Vuol dire che i comportamenti di questi individui non sono razionali?

Per quanto riguarda il cibo sicuramente la loro razionalità è fortemente contaminata da spinte emotive. Spiego meglio il concetto con un linguaggio “analitico transazionale”. Ogni persona presenta abitualmente tre diverse modalità di comportamento: una è appropriata ad una persona che ragiona e agisce prevedendo e valutando le conseguenze dei suoi atti, e questa viene definita "Stato dell'Io Adulto”; un'altra appare molto simile all'esprimersi e agire di un bambino (Stato dell'Io Bambino); una terza modalità rivela aspetti, atteggiamenti e modelli di comportamento simili a quelli della figura genitoriale (Stato dell'Io Genitore). Di solito noi ci alimentiamo ascoltando i bisogni, i gusti e i desideri suggeriti dal nostro Stato dell'Io Bambino libero, ma sempre con la supervisione vigile dello Stato dell'Io Adulto, facendo ben attenzione che la quantità  e qualità di cibo ingerito non danneggi il nostro peso e la nostra salute. Per la persona affetta da patologie nutrizionali invece l'alimentazione riattiva antichi sentimenti per cui lo Stato dell'Io Bambino, a seconda dei casi arrabbiato, triste, voglioso, ribelle, o sfidante, contamina ogni supervisione logica e razionale.
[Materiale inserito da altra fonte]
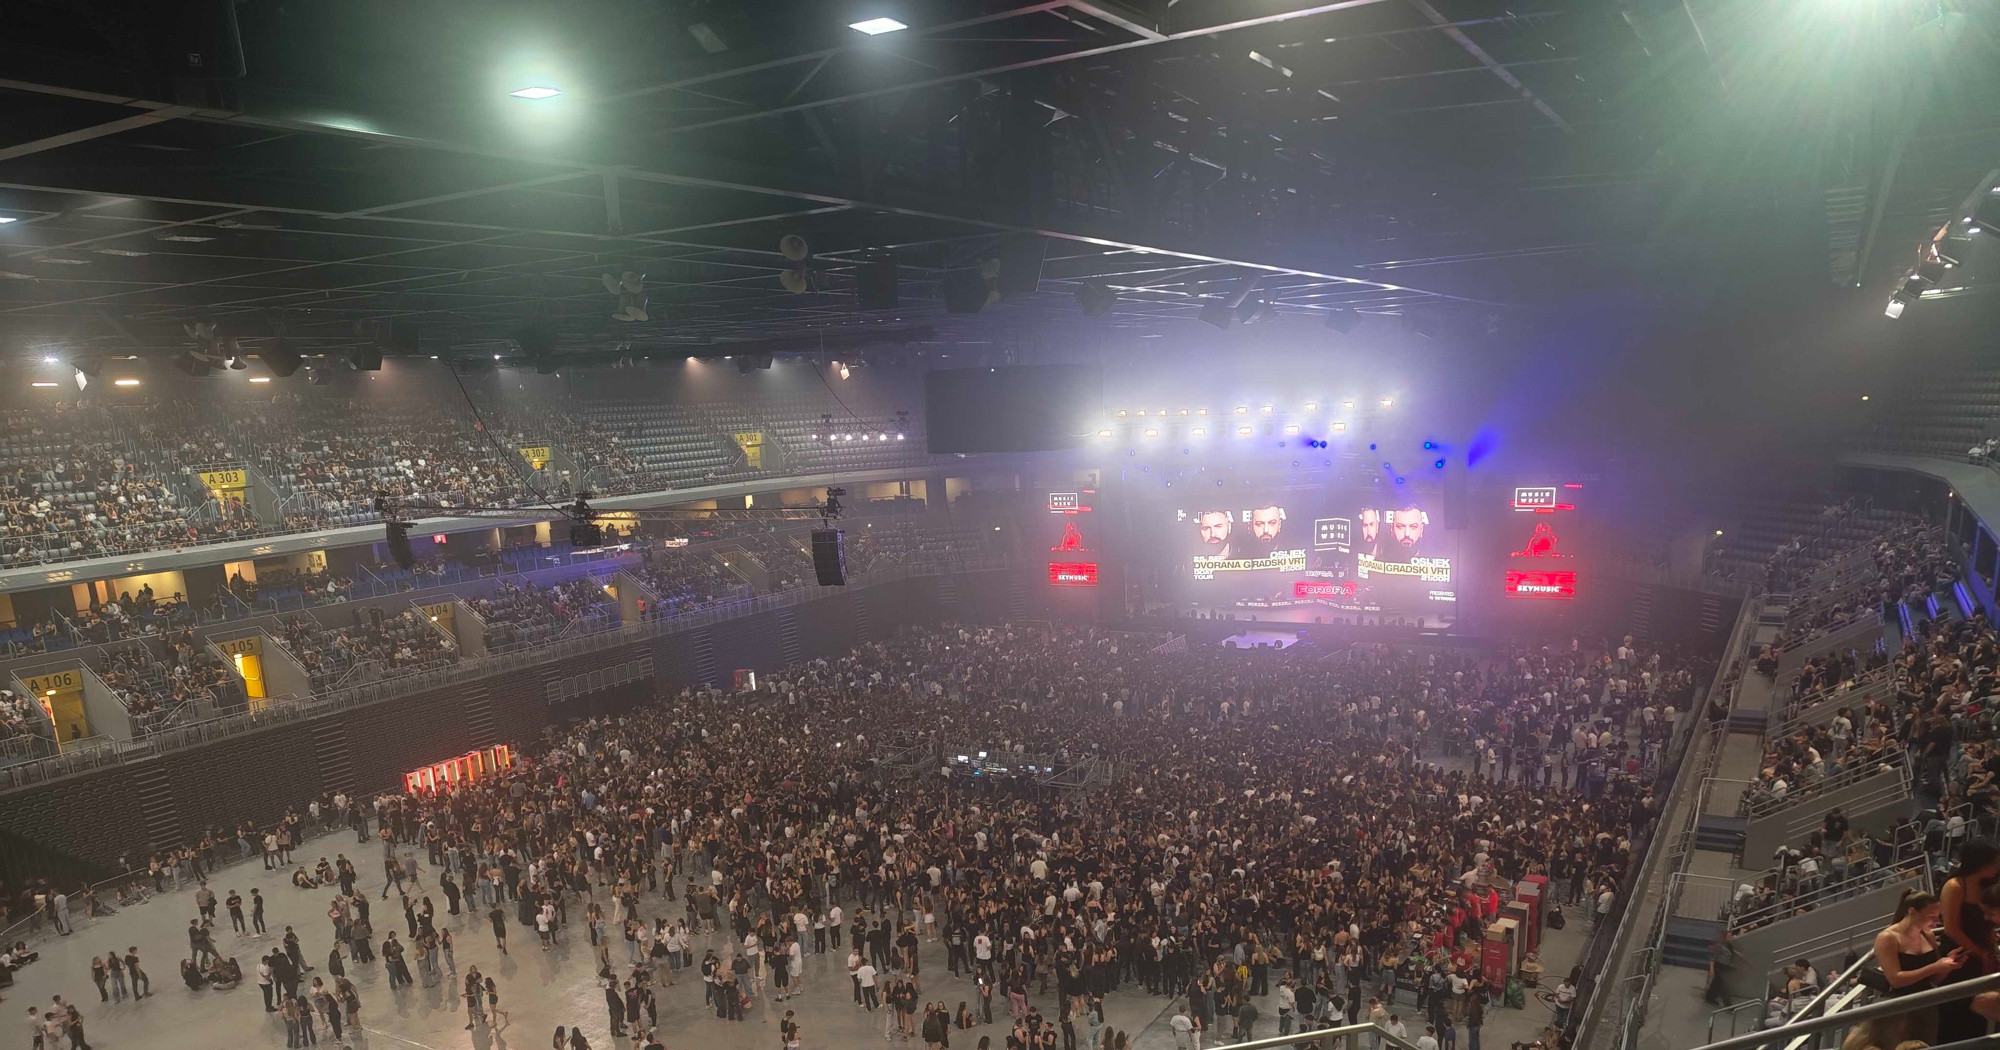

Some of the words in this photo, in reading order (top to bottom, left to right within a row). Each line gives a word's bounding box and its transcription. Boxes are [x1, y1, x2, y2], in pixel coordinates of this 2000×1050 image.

[532, 448, 545, 457] 302
[208, 474, 216, 484] A
[219, 471, 239, 483] 303
[1270, 549, 1306, 559] OSIJEK
[1194, 560, 1241, 569] DVORANA
[1244, 559, 1286, 569] GRADSKI
[1289, 557, 1305, 566] VRT
[1410, 557, 1450, 567] OSIJEK
[1386, 564, 1428, 574] GRADSKI
[1430, 567, 1450, 575] VRT
[430, 604, 448, 615] 104
[220, 644, 228, 655] A
[231, 640, 254, 653] 105
[30, 679, 40, 692] A
[43, 673, 72, 689] 106
E nei periodi di drastiche diete cui il soggetto si sottopone, osserviamo che agisce pressato dal "dover dimagrire", spinta proveniente da un esigente Io Genitore appartenente alla persona stessa o ad altre esterne, costrizione che immancabilmente attiva un Bambino adattato che sta ubbidendo. In questi periodi cioè questi soggetti appaiono molto razionali e li vediamo attenti alle qualità e quantità opportune di cibo. Ma il loro Stato dell'Io Adulto non è mai avulso dalle pressioni del loro potentissimo Stato dell'Io Bambino che, fedele alle modalità infantili, per brevi periodi subisce ma presto si ribellerà per abbuffarsi di nuovo.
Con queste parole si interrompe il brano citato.